Aliás, dos que ainda têm mãe ou pai, quem lembrou de ligar para eles hoje? Tem que ligar. Tem que levar pra passear, tomar um sorvete, dar um giro. Nem que seja pra uma programação mais ou menos em um domingo vadio, tipo ir ao teatro pra cantar e contar histórias de um defunto. Não pode deixar pra depois. A gente não conhece o amanhã.

Papai sabia que não poderia deixar para depois, por isso as viagens a Bragança tornavam-se ainda mais frequentes.

Bragança, Ajuruteua, a Patokada, o Rex Bar, os festivais, as serestas sem fim. Todos saíam ganhando. E a história de vida dele ficava ainda mais recheada.

Papai montou uma escola de samba, ganhou diversos festivais, criou canções, fez muitos amigos. Ele é um Risuenho e os Risuenhos são assim.

Talvez seja soberba da minha parte, mas tenho a impressão de que a história de Bragança e dos Risuenhos se confundem.

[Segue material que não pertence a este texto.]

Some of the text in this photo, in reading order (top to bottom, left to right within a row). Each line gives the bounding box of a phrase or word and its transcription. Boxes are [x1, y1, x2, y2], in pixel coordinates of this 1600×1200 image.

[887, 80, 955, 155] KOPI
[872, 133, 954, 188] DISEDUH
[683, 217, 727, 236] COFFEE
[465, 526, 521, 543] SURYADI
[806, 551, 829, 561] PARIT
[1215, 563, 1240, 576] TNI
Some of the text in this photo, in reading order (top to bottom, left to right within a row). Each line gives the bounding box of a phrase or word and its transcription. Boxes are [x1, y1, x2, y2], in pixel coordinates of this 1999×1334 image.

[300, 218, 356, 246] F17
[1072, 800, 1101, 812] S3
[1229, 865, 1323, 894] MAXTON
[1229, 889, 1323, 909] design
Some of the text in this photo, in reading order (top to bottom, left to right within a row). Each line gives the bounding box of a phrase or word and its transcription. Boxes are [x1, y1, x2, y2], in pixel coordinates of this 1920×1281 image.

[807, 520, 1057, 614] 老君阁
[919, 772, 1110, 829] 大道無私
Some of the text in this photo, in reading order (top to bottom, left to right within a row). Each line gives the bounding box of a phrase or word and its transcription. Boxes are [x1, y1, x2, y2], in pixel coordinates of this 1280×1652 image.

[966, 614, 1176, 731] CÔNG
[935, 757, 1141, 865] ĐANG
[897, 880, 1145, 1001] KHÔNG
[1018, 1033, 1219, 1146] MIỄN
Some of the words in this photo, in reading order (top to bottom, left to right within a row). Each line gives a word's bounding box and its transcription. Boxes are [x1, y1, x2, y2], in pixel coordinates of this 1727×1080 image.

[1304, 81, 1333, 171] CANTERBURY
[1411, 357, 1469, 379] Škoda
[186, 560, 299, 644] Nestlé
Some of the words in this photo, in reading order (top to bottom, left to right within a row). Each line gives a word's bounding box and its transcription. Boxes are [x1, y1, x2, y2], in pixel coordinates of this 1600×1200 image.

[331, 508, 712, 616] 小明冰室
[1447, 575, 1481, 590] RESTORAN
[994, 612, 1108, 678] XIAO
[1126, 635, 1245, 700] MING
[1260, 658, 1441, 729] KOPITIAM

Aliás, a família Risuenho deve muito a Bragança, mas acho que Bragança também deve um bocadinho aos Risuenhos.

Música: Bloco de Xote: Quando chega o verão/ Espumas ao vento/ Eu só quero um xodó (4:00)

6º O maior de todos

O maior de todos!! Na verdade, o maior de todos eram os outros. Principalmente os menos bem-aventurados. Essa era a maior virtude do papai: enxergar nas pessoas o que ninguém mais enxergava. É a virtude que tento passar para os meus filhos.

Aristides Lobo, 54: as pessoas mais ilustres desse país almoçaram por lá. Alguns almoçavam semanalmente:

- “Filho, deixa eu te apresentar um dos maiores cantores que o Pará já viu!”

- “Olha, esse só não foi galã de televisão porque tinha um dente torto.”

E assim ia. Eram cantores, lutadores, fruteiros, árbitros de boxe. Tinha de tudo.

Papai apresentava os amigos relembrando momentos que provavelmente nunca existiram. Pelo menos, não da forma que ele relatava. Mas era bonito de ver como a pessoa se sentia.

Ataliba do MMA, Pato Rouco, Sapa Feia, Jones Kennedy...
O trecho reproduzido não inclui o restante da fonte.